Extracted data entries
+ + + +
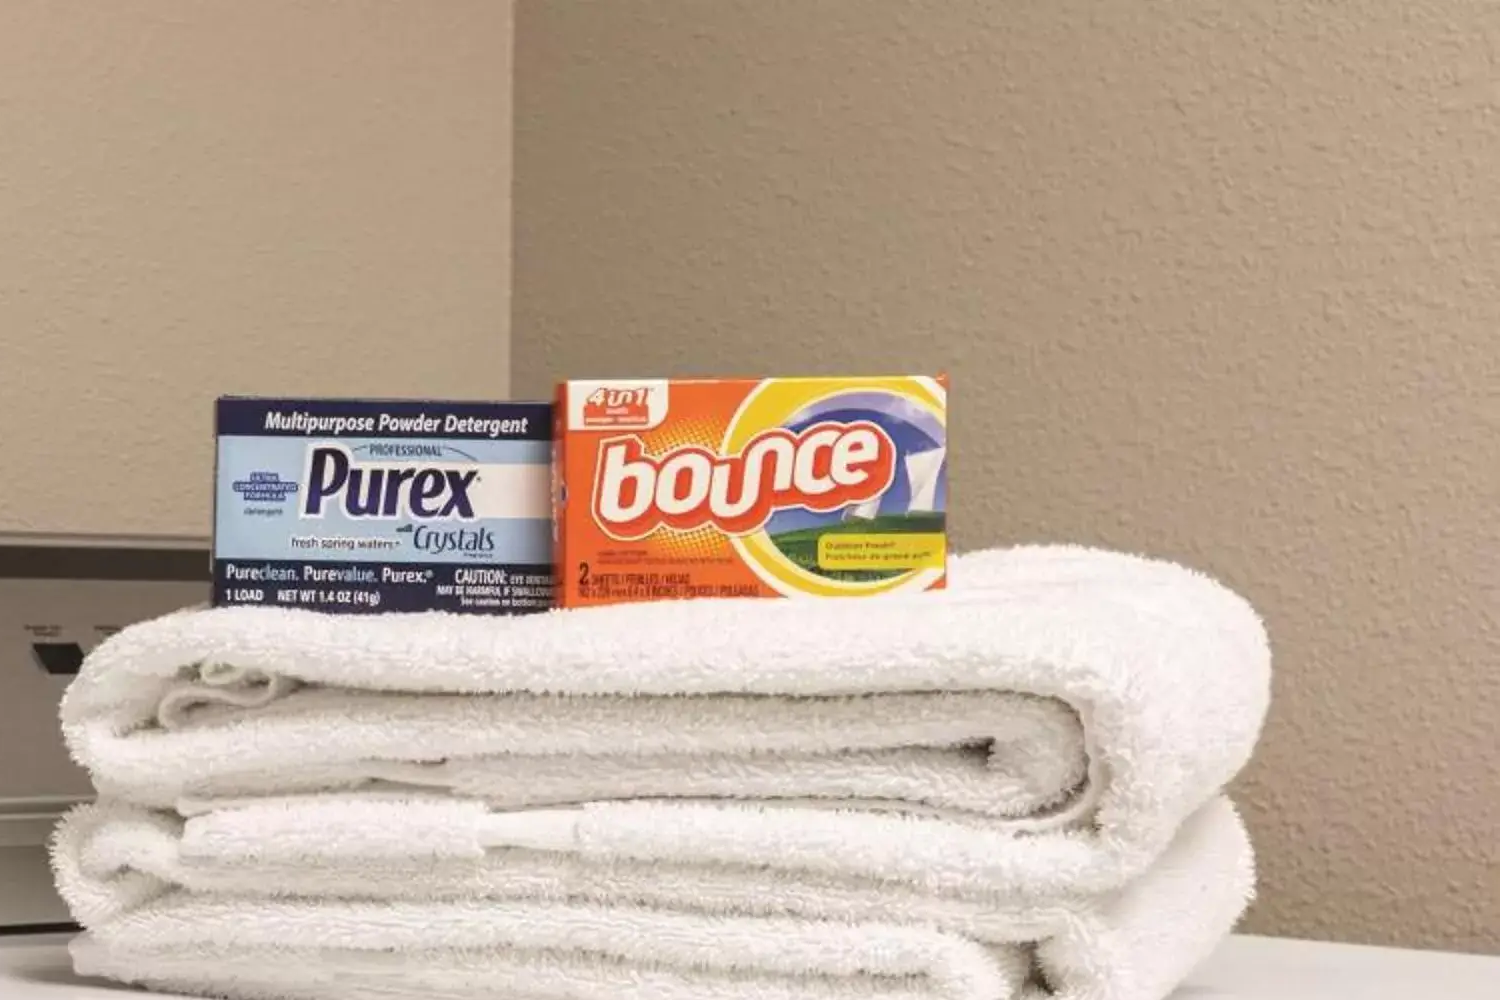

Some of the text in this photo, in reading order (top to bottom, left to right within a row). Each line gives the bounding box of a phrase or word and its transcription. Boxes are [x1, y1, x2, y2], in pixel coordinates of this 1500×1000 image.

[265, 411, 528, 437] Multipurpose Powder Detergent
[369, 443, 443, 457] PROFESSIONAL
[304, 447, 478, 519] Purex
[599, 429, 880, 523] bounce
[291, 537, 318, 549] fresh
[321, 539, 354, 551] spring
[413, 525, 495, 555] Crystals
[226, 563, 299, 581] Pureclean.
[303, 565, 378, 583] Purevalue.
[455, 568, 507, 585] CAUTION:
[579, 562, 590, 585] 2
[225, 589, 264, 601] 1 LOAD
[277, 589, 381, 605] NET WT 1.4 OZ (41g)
+ + + +
** Instructions to follow **
Please reproduce the entries above line by line, exactly, leaving out each image.

** Task answer **
Some of the text in this photo, in reading order (top to bottom, left to right within a row). Each line gives the bounding box of a phrase or word and its transcription. Boxes are [x1, y1, x2, y2], in pixel coordinates of this 1500×1000 image.

[265, 411, 528, 437] Multipurpose Powder Detergent
[369, 443, 443, 457] PROFESSIONAL
[304, 447, 478, 519] Purex
[599, 429, 880, 523] bounce
[291, 537, 318, 549] fresh
[321, 539, 354, 551] spring
[413, 525, 495, 555] Crystals
[226, 563, 299, 581] Pureclean.
[303, 565, 378, 583] Purevalue.
[455, 568, 507, 585] CAUTION:
[579, 562, 590, 585] 2
[225, 589, 264, 601] 1 LOAD
[277, 589, 381, 605] NET WT 1.4 OZ (41g)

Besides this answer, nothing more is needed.